MATERIAL SUPPLIED —
━━━━━━━━━━━━━━━━

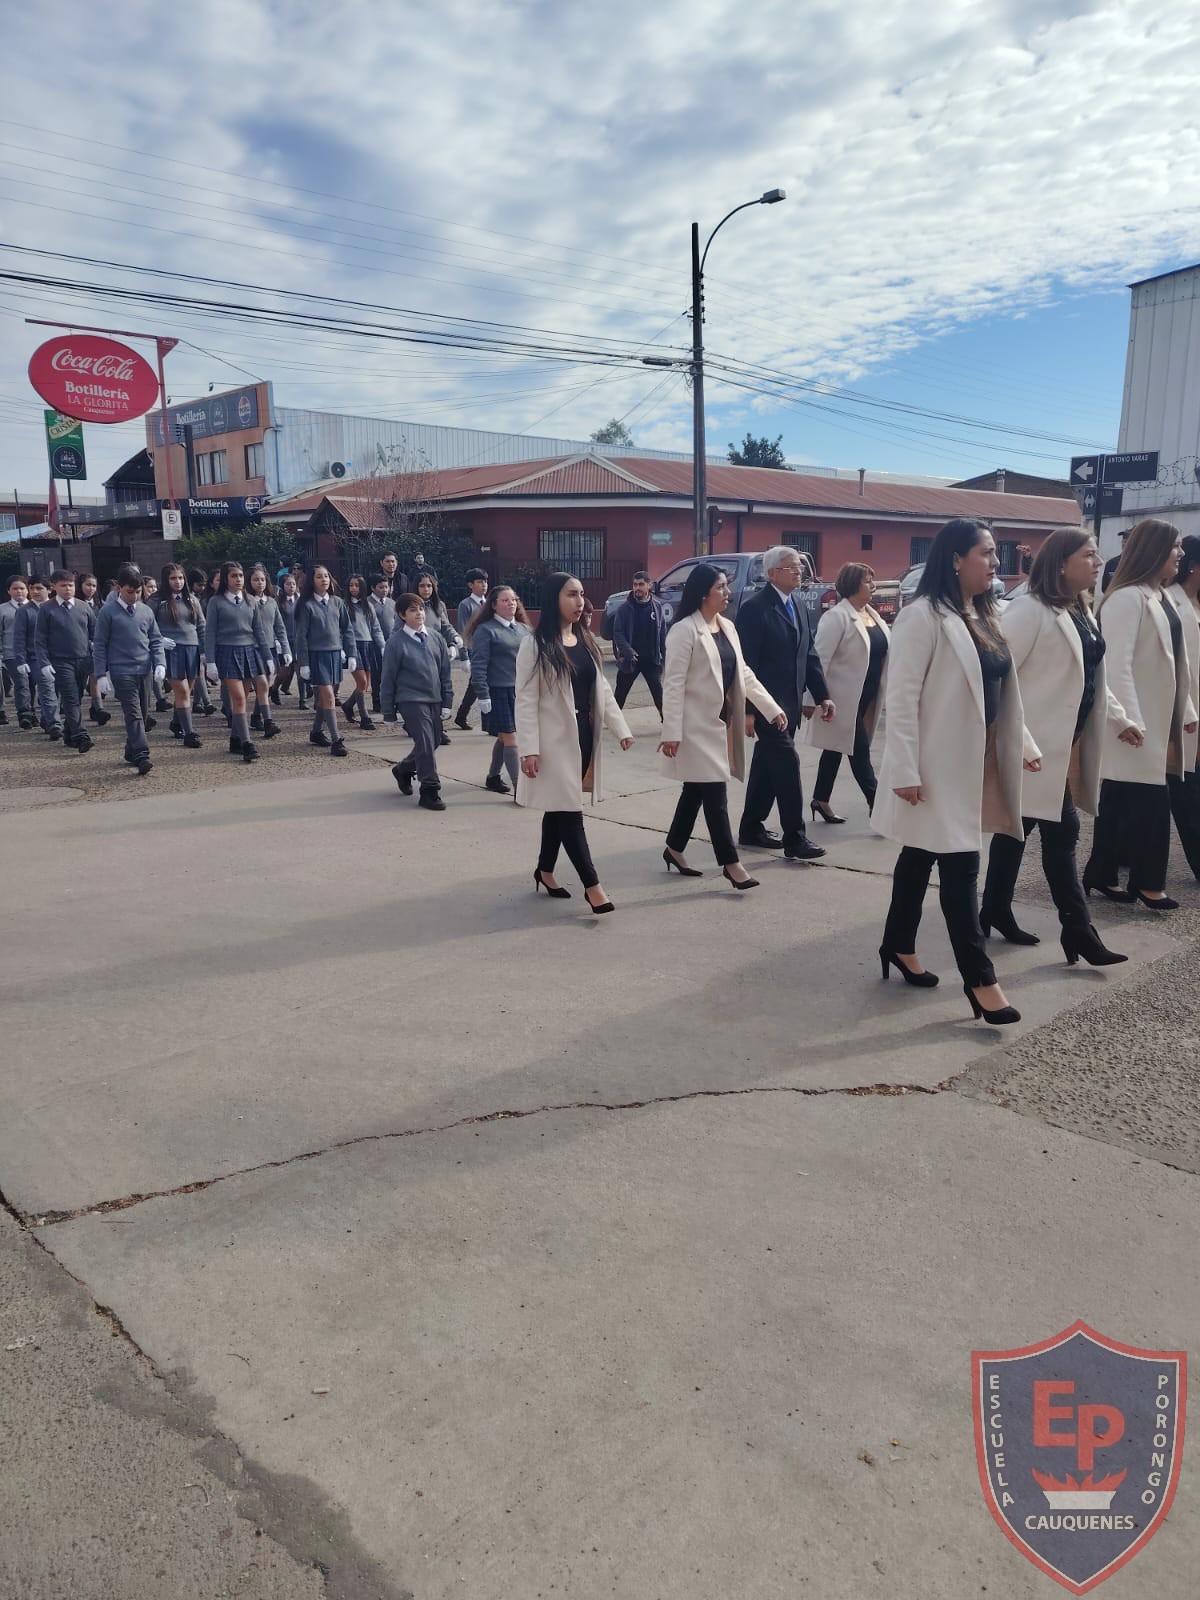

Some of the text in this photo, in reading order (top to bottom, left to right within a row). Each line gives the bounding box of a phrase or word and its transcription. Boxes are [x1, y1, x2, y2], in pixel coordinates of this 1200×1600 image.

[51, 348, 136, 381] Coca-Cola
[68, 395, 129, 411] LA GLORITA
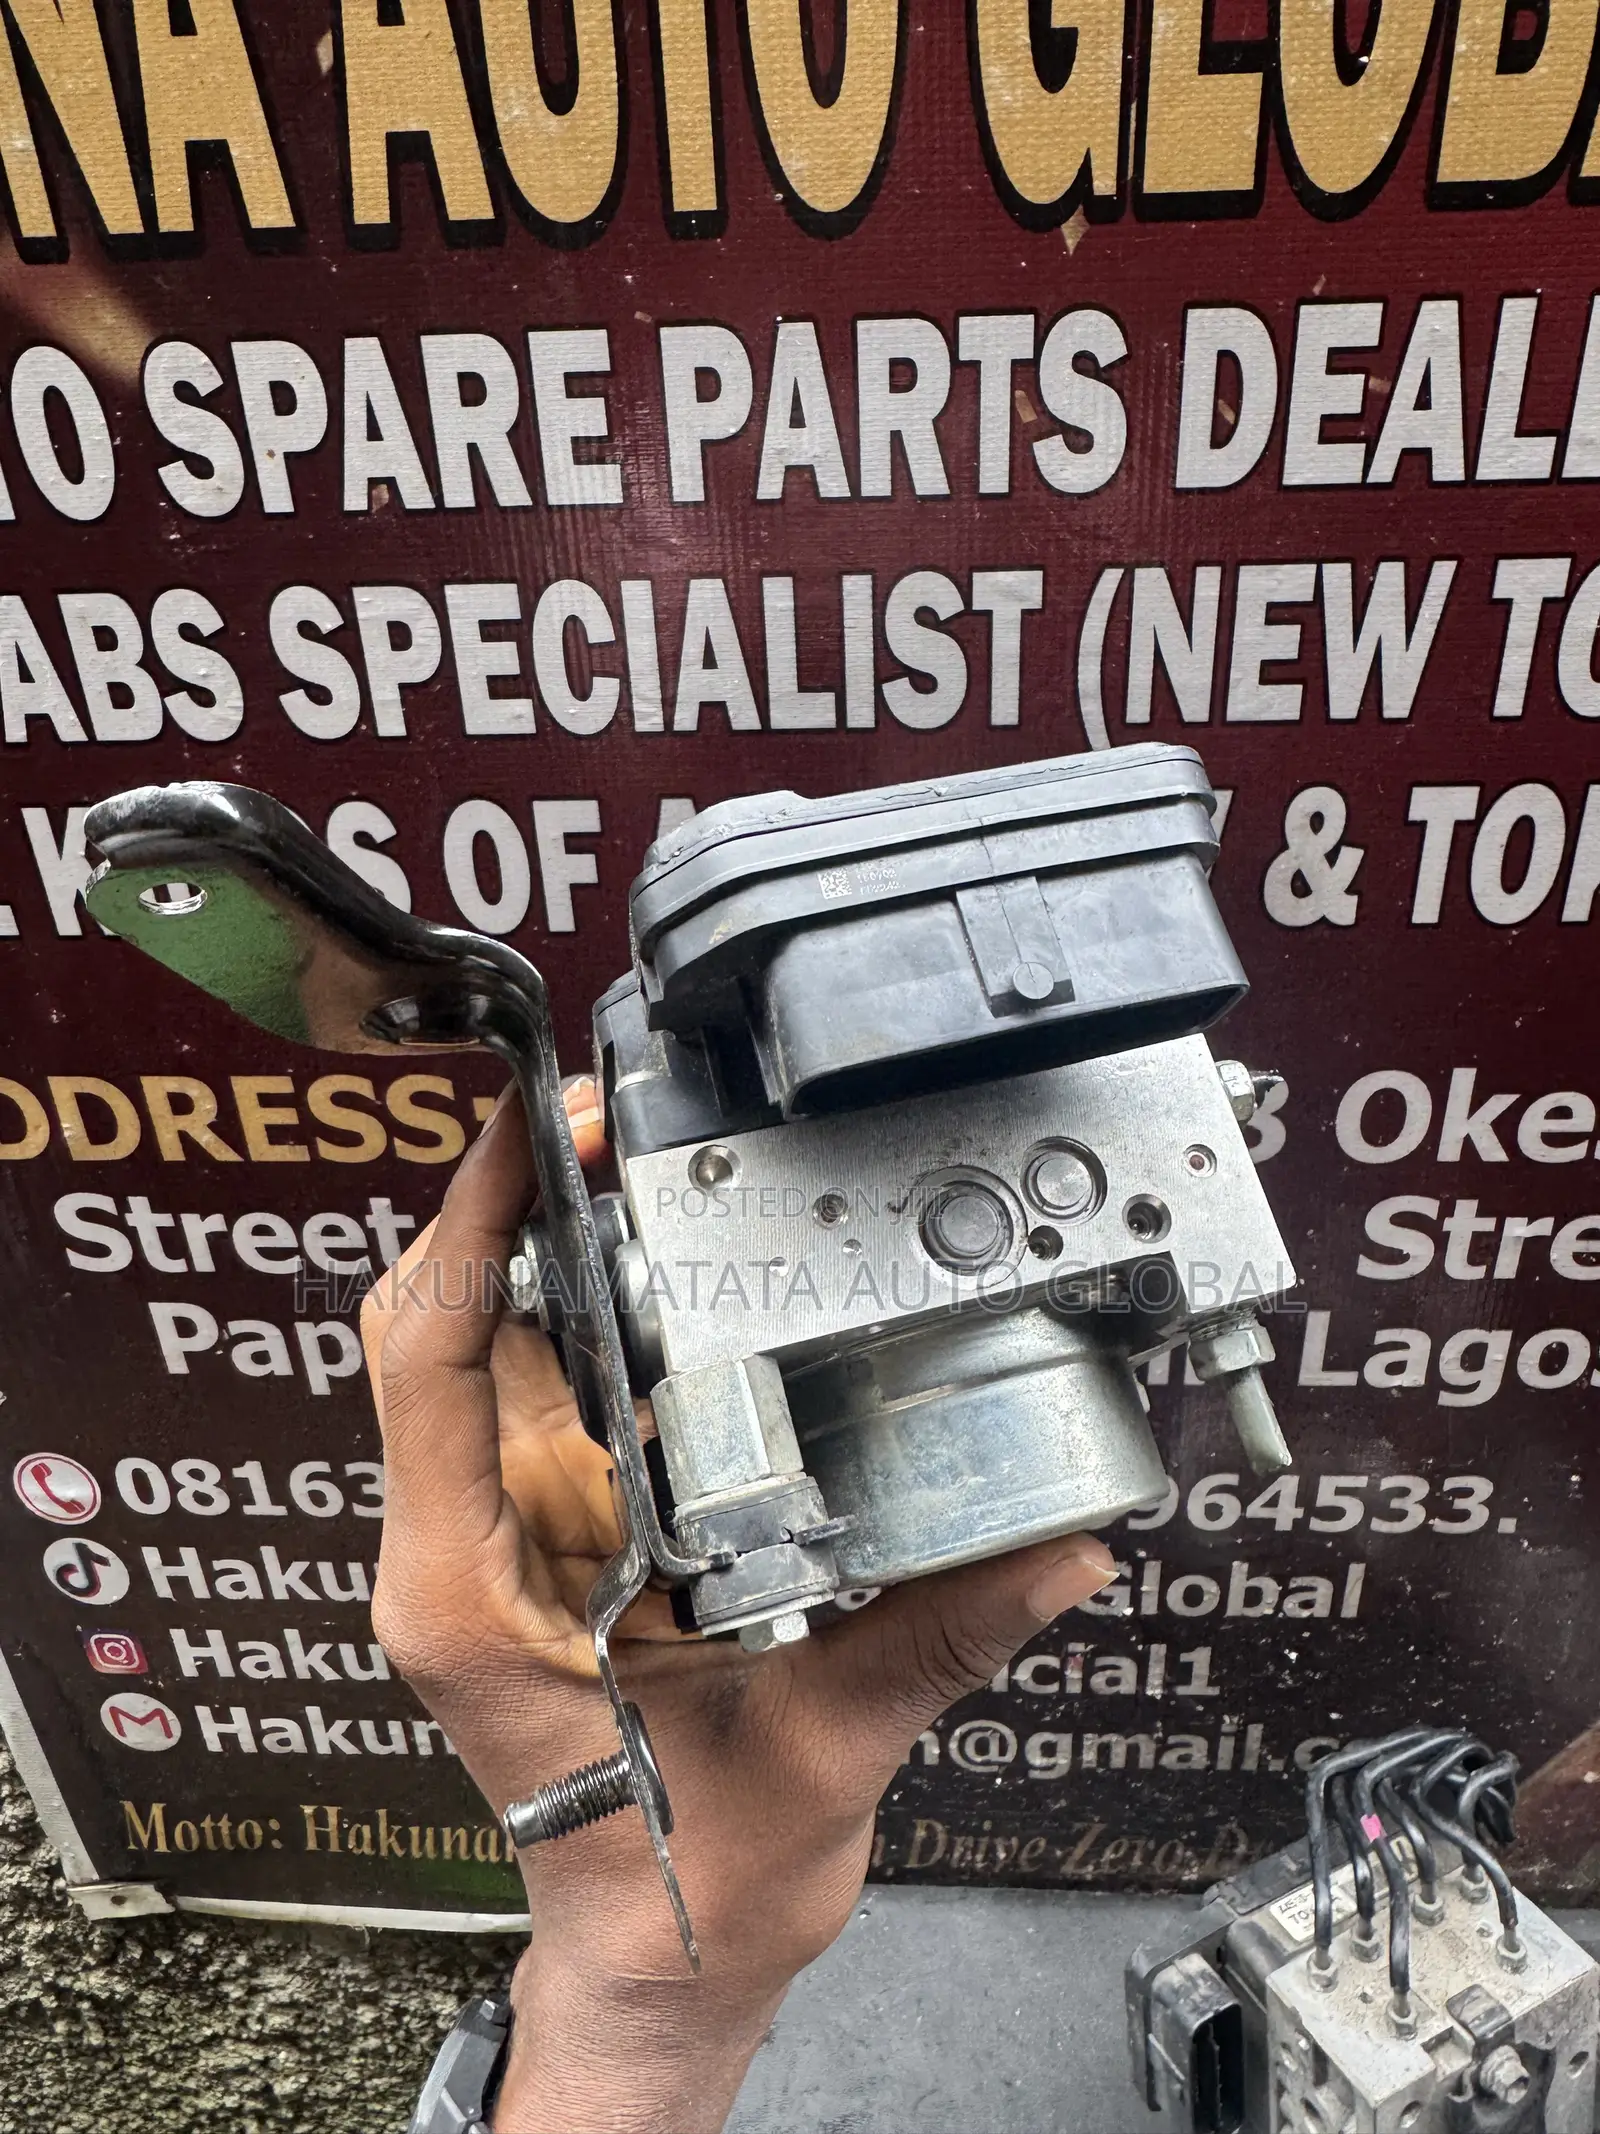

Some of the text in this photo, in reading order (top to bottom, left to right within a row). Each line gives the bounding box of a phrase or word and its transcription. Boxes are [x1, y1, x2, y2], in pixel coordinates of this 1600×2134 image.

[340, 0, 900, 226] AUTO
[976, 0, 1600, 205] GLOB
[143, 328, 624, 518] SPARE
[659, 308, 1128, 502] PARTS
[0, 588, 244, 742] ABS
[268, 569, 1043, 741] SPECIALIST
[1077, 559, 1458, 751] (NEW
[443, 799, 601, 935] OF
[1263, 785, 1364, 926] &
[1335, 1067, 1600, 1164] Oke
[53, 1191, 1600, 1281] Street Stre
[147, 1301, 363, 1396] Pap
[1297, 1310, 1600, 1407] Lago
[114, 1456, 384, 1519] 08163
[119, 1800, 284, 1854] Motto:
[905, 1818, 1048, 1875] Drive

━━━━━━━━━━━━━━━━

Give back the material above word for word; no picture belongs in it.

Some of the text in this photo, in reading order (top to bottom, left to right within a row). Each line gives the bounding box of a phrase or word and its transcription. Boxes are [x1, y1, x2, y2], in pixel coordinates of this 1200×1600 image.

[51, 348, 136, 381] Coca-Cola
[68, 395, 129, 411] LA GLORITA

Some of the text in this photo, in reading order (top to bottom, left to right within a row). Each line gives the bounding box of a phrase or word and its transcription. Boxes are [x1, y1, x2, y2], in pixel coordinates of this 1600×2134 image.

[340, 0, 900, 226] AUTO
[976, 0, 1600, 205] GLOB
[143, 328, 624, 518] SPARE
[659, 308, 1128, 502] PARTS
[0, 588, 244, 742] ABS
[268, 569, 1043, 741] SPECIALIST
[1077, 559, 1458, 751] (NEW
[443, 799, 601, 935] OF
[1263, 785, 1364, 926] &
[1335, 1067, 1600, 1164] Oke
[53, 1191, 1600, 1281] Street Stre
[147, 1301, 363, 1396] Pap
[1297, 1310, 1600, 1407] Lago
[114, 1456, 384, 1519] 08163
[119, 1800, 284, 1854] Motto:
[905, 1818, 1048, 1875] Drive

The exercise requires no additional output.